Aachen: Anspruch auf Winterdienst nicht gerichtlich durchsetzbar

Aachen: Anspruch auf Winterdienst nicht gerichtlich durchsetzbar

Die Bürger in Nordrhein-Westfalen können einen Winterdienst bei ihrer Stadt oder Gemeinde im Normalfall nicht gerichtlich einklagen.

Das hat das Verwaltungsgericht Aachen am Mittwoch entschieden. Hintergrund der Entscheidung ist die Klage eines Mannes aus Schleiden in der Eifel. Er war vor Gericht gezogen, weil die örtliche Stadtverwaltung seiner Ansicht nach in den vergangenen Wochen den Winterdienst auf seiner Straße stark vernachlässigt hatte.

Die Verwaltungsrichter entschieden daraufhin, dass das Straßen- und Wegegesetz des Landes zwar den Gemeinden eine Reinigungspflicht auferlegt und sie dazu anhält, bei Schnee und Eis zu räumen und zu streuen. Gleichzeitig allerdings wiesen sie darauf hin, dass die Bürger diese Pflicht im Normalfall nicht einklagen könnten.

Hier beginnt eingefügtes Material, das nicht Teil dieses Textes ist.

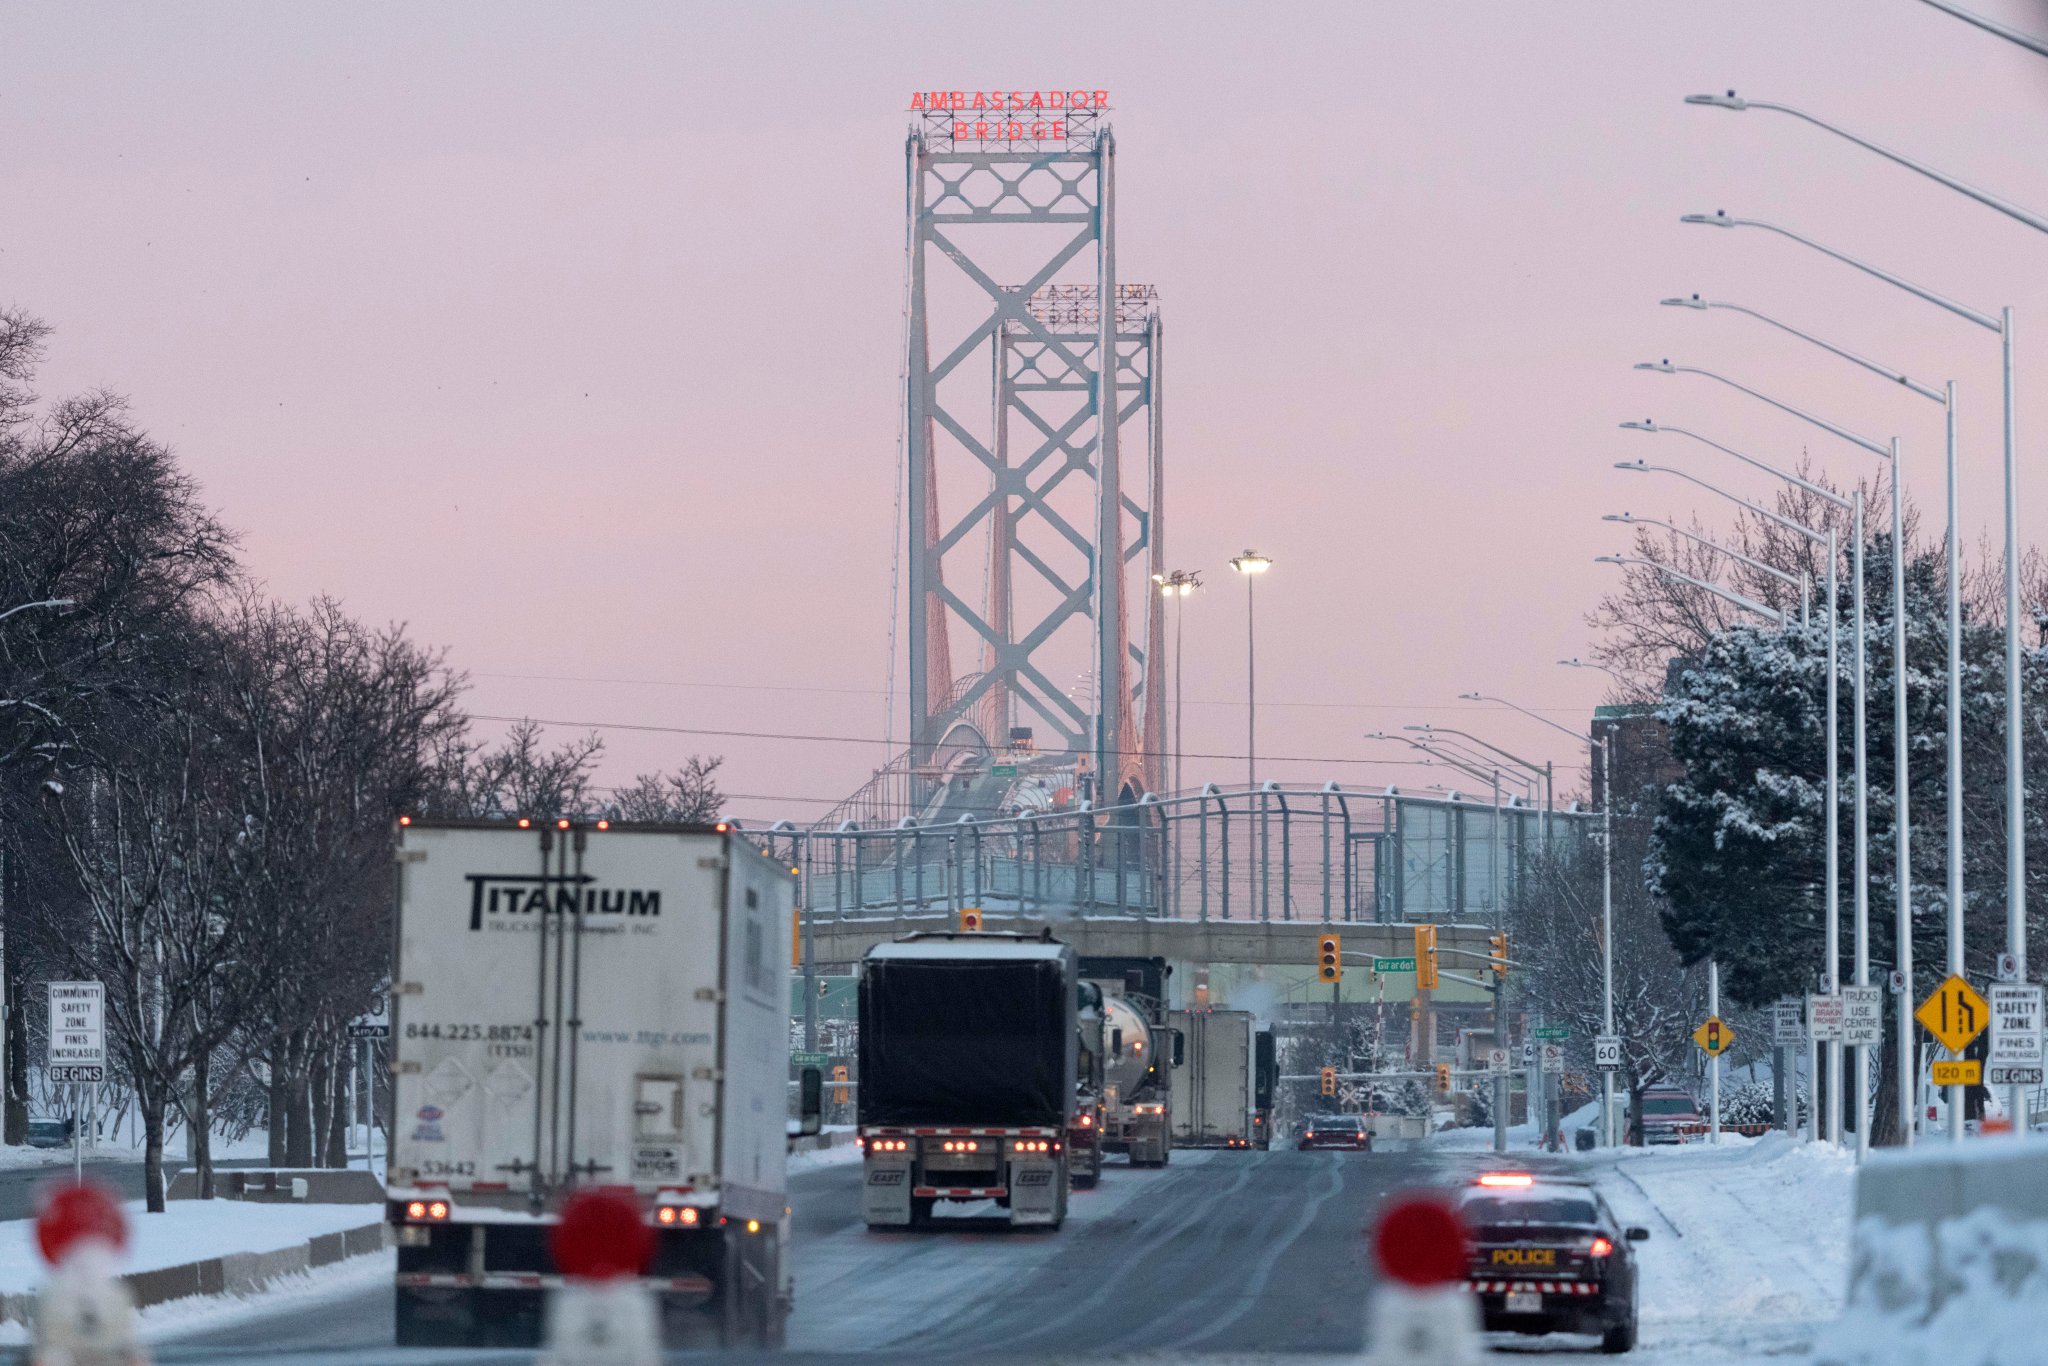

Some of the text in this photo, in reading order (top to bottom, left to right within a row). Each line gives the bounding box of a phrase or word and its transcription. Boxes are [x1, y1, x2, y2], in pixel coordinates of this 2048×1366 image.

[910, 90, 1108, 110] AMBASSADOR
[953, 121, 1066, 140] BRIDGE
[465, 874, 661, 931] TITANIUM
[1378, 960, 1414, 970] Girardot
[53, 989, 99, 998] COMMUNITY
[1845, 991, 1878, 1000] TRUCKS
[1995, 990, 2038, 998] COMMUNITY
[61, 1003, 91, 1012] SAFETY
[1851, 1006, 1871, 1016] USE
[1996, 1002, 2037, 1014] SAFETY
[65, 1017, 86, 1027] ZONE
[1844, 1018, 1877, 1028] CENTRE
[2002, 1016, 2030, 1029] ZONE
[406, 1022, 533, 1041] 844.225.8874
[1849, 1030, 1872, 1039] LANE
[65, 1035, 88, 1045] FINES
[1999, 1037, 2034, 1047] FINES
[53, 1049, 99, 1058] INCREASED
[1598, 1046, 1616, 1059] 60
[52, 1068, 101, 1080] BEGINS
[1937, 1067, 1974, 1079] 120 m
[1992, 1069, 2042, 1083] BEGINS
[873, 1174, 900, 1182] EAST
[1021, 1174, 1047, 1182] EAST
[1492, 1249, 1555, 1265] POLICE
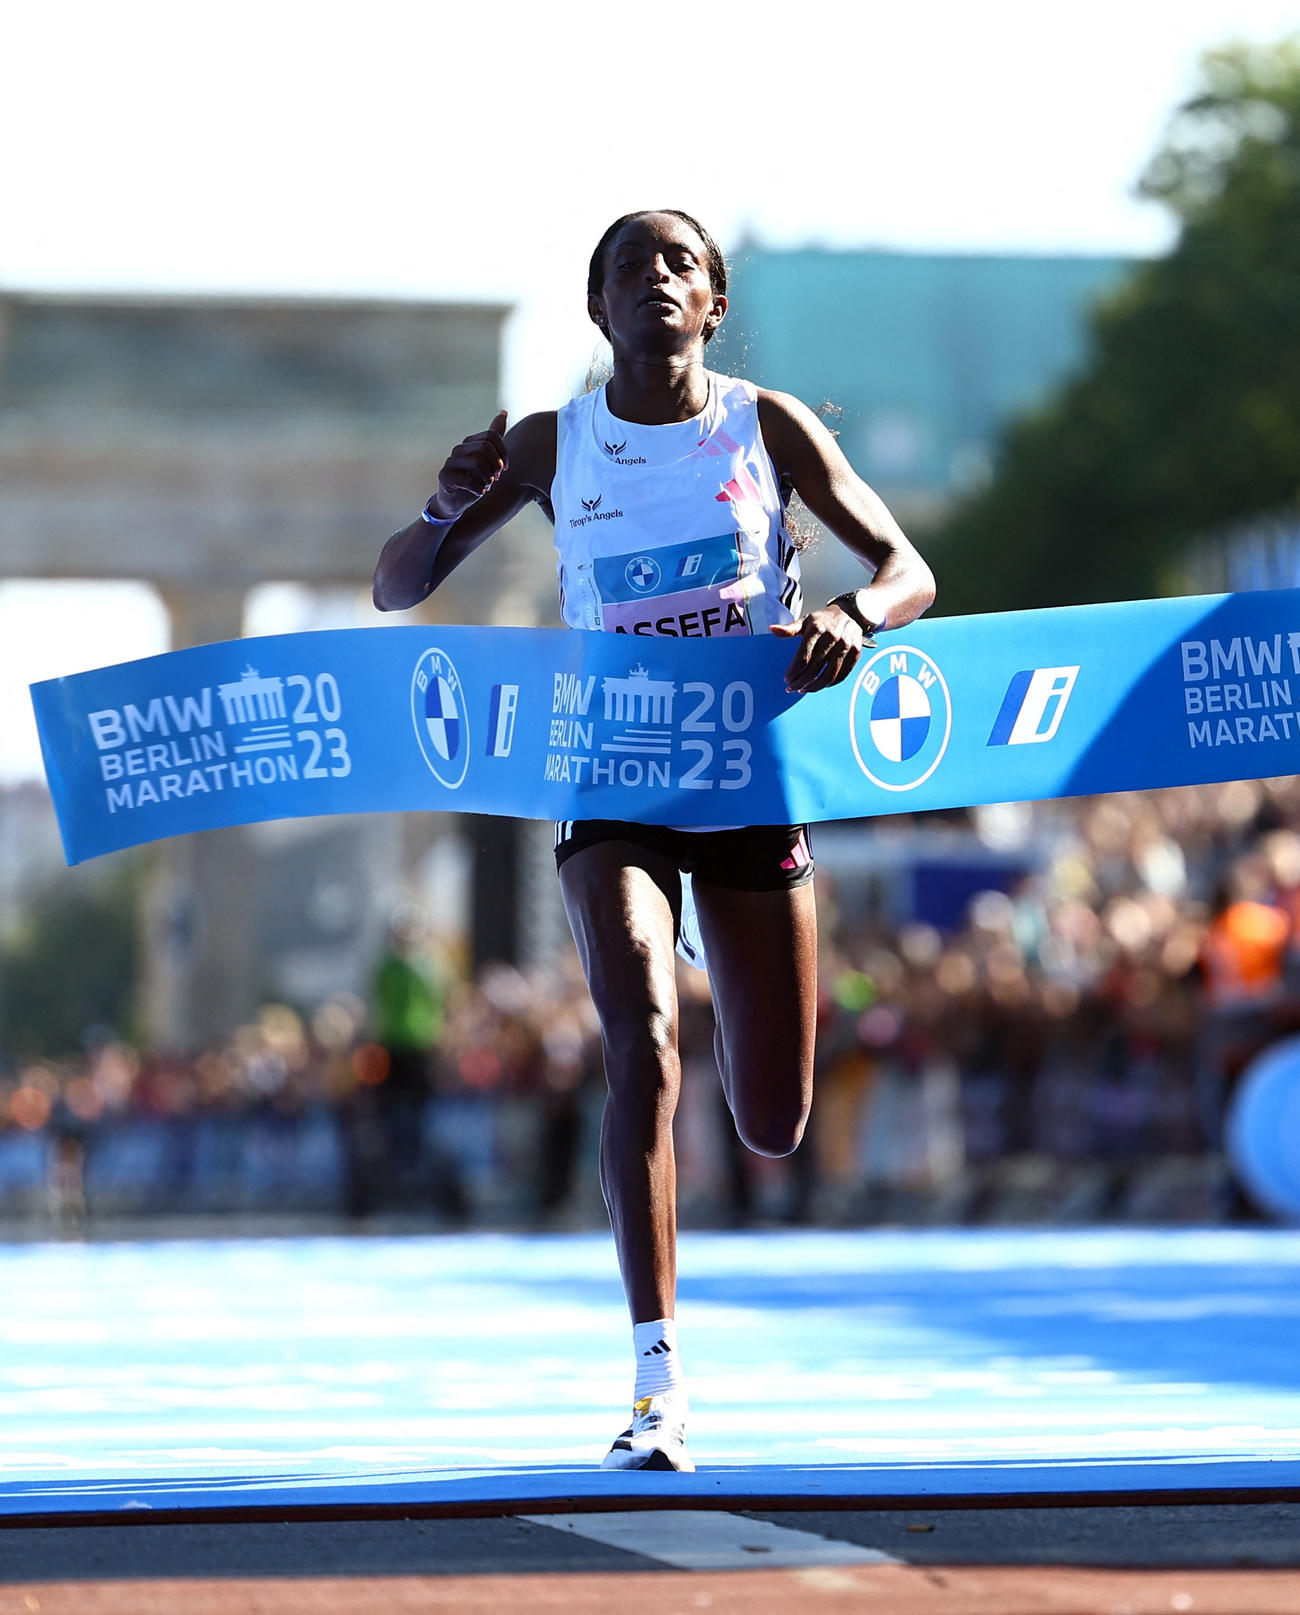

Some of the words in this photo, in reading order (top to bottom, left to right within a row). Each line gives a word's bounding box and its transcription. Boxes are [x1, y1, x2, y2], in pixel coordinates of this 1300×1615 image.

[615, 457, 647, 466] Angels
[569, 514, 592, 528] Tirop's
[593, 509, 624, 521] Angels
[417, 655, 457, 693] BMW
[862, 653, 937, 696] BMW
[1181, 633, 1282, 682] BMW
[87, 687, 212, 750] BMW
[286, 672, 342, 724] 20
[552, 672, 597, 716] BMW
[680, 680, 754, 733] 20
[1184, 679, 1292, 714] BERLIN
[297, 728, 352, 779] 23
[1187, 712, 1300, 748] MARAT
[100, 731, 227, 781] BERLIN
[678, 738, 753, 790] 23
[105, 755, 299, 814] MARATHON
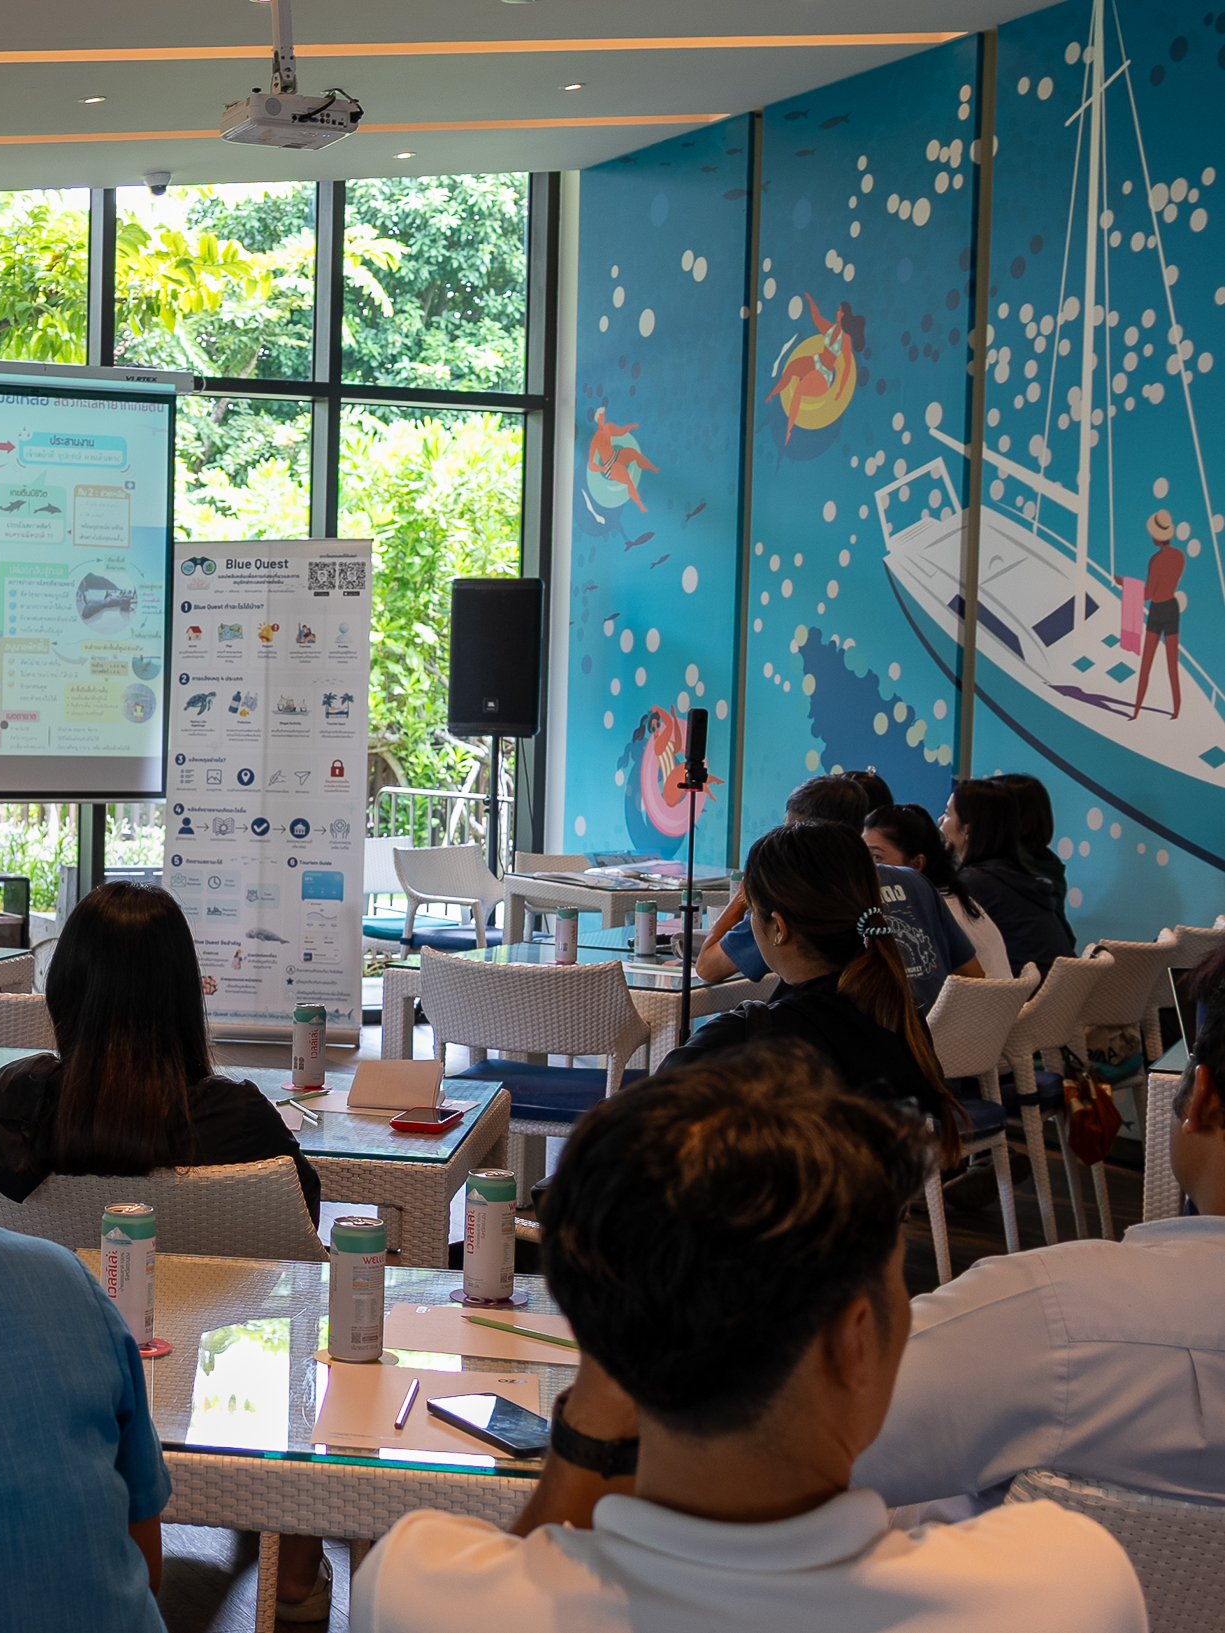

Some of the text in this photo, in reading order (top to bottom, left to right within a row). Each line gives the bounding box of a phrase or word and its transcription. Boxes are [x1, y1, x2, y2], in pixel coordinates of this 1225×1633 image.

Der Winterdienst sei nur dann gerichtlich durchsetzbar, wenn eine konkrete Gefahr für Leib oder Leben bestünde, sagte Gerichtssprecher Markus Lehmler.

Wenn beispielsweise eine Straße so glatt sei, dass sie nicht mehr ohne Gefahr befahren oder betreten werden könnte, müsse die Stadt reagieren. Das sei aber konkret in Schleiden nicht der Fall gewesen. Allerdings wies das Gericht auch darauf hin, dass Bürger im Falle eines Sturzes auf einer nicht geräumten oder gestreuten Straße Schadensersatz und Schmerzensgeld von ihrer Gemeinde verlangen könnten.

Gegen die Entscheidung kann der Anwohner aus Schleiden Beschwerde einlegen. In diesem Fall müsste sich das Oberverwaltungsgericht NRW in Münster mit dem Fall befassen.